━━ Source data

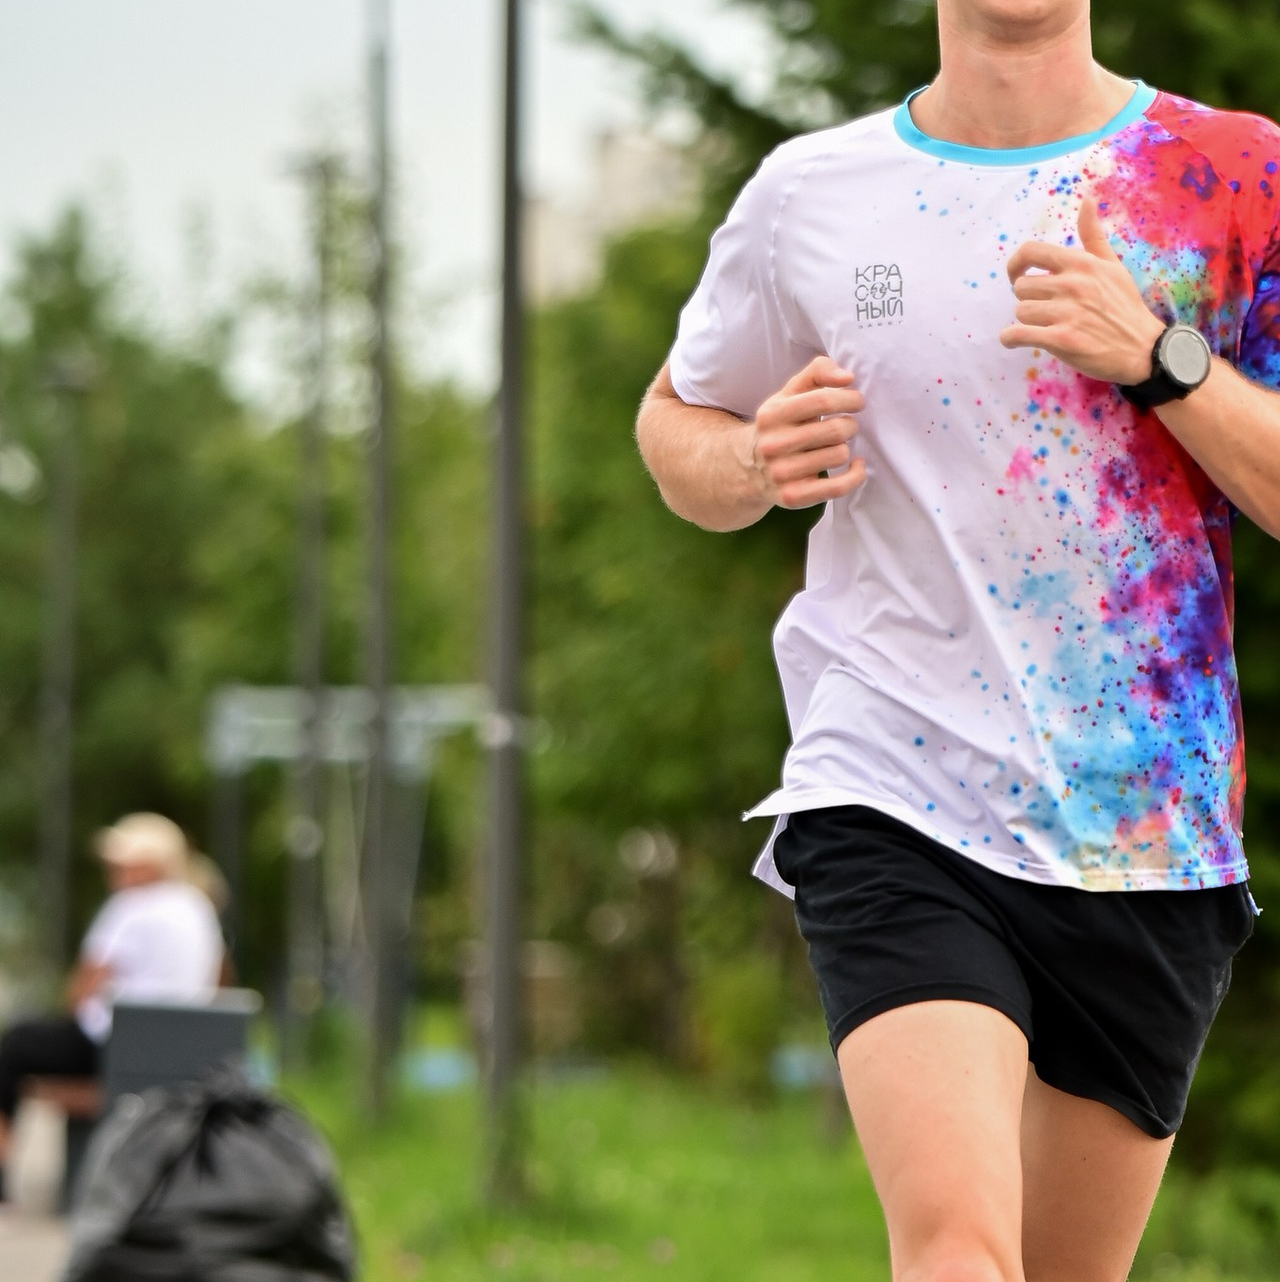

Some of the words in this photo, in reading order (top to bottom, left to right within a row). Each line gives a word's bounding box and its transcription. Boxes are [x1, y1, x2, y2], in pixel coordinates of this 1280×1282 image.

[855, 264, 902, 284] КРА
[855, 281, 902, 301] СОЧ
[856, 297, 903, 321] НЫЙ
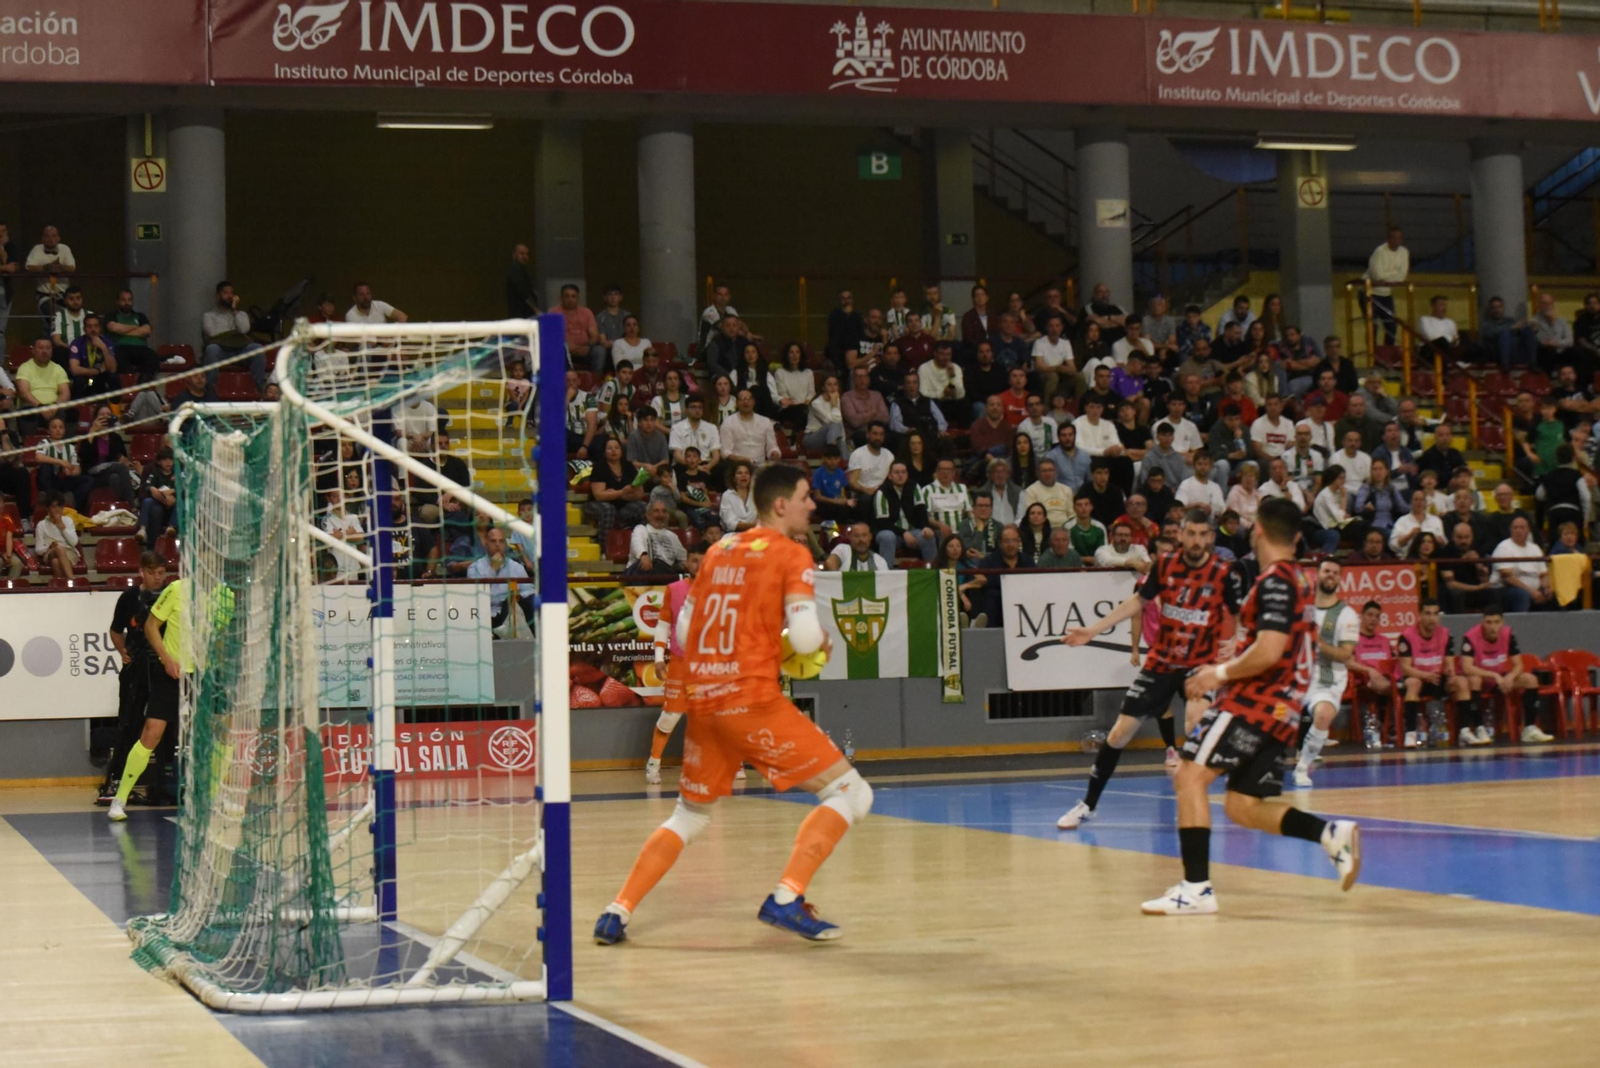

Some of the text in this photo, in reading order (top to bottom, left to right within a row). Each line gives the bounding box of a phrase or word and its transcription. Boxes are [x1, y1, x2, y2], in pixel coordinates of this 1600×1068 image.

[360, 1, 635, 57] IMDECO
[900, 28, 1026, 54] AYUNTAMIENTO
[901, 54, 1009, 81] DE CÓRDOBA
[1228, 28, 1461, 84] IMDECO
[275, 63, 634, 86] Instituto Municipal de Deportes Córdoba
[1158, 84, 1461, 110] Instituto Municipal de Deportes Córdoba
[871, 153, 889, 174] B
[698, 593, 740, 655] 25
[945, 579, 957, 670] CÓRDOBA FUTSAL
[1014, 600, 1132, 637] MAS
[70, 634, 80, 677] GRUPO
[597, 643, 605, 654] y
[419, 745, 469, 772] SALA
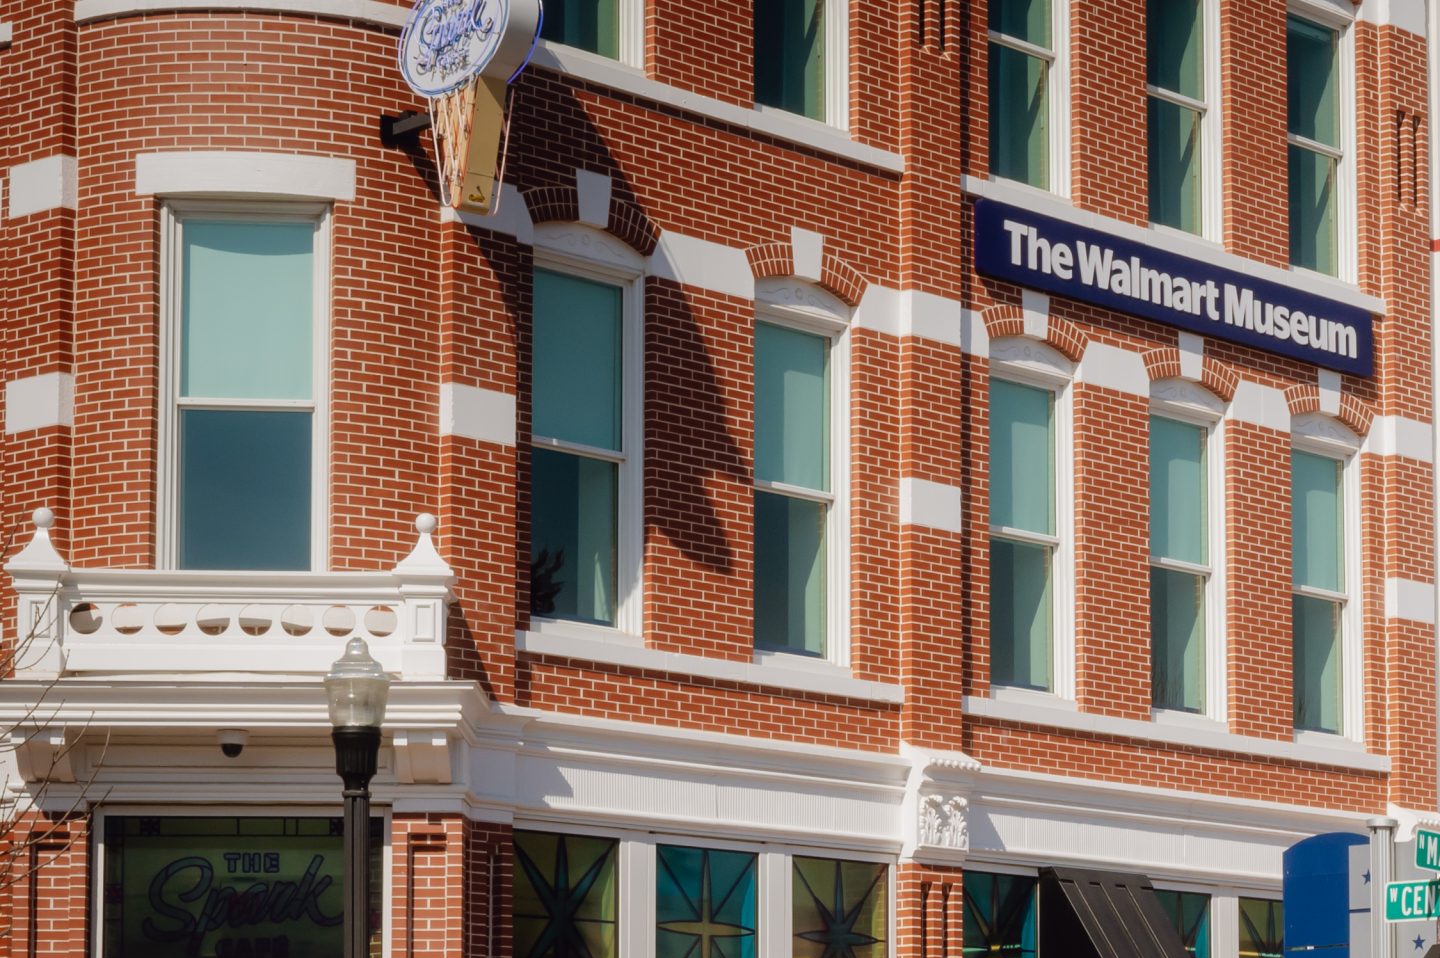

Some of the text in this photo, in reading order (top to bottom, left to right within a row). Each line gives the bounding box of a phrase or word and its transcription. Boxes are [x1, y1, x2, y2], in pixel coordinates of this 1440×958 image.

[1003, 219, 1358, 359] The Walmart Museum
[1419, 834, 1425, 850] N
[223, 853, 280, 873] THE
[1389, 888, 1398, 903] W
[142, 855, 344, 958] Spark

━━━━

=== What is expected ===
Would you set down exactly the lines from the line with "this 1440×958 image." through the last one in the material?

=== Answer space ===
Some of the text in this photo, in reading order (top to bottom, left to right within a row). Each line gives the bounding box of a phrase or word and its transcription. Boxes are [x1, y1, x2, y2], in pixel coordinates of this 1440×958 image.

[1003, 219, 1358, 359] The Walmart Museum
[1419, 834, 1425, 850] N
[223, 853, 280, 873] THE
[1389, 888, 1398, 903] W
[142, 855, 344, 958] Spark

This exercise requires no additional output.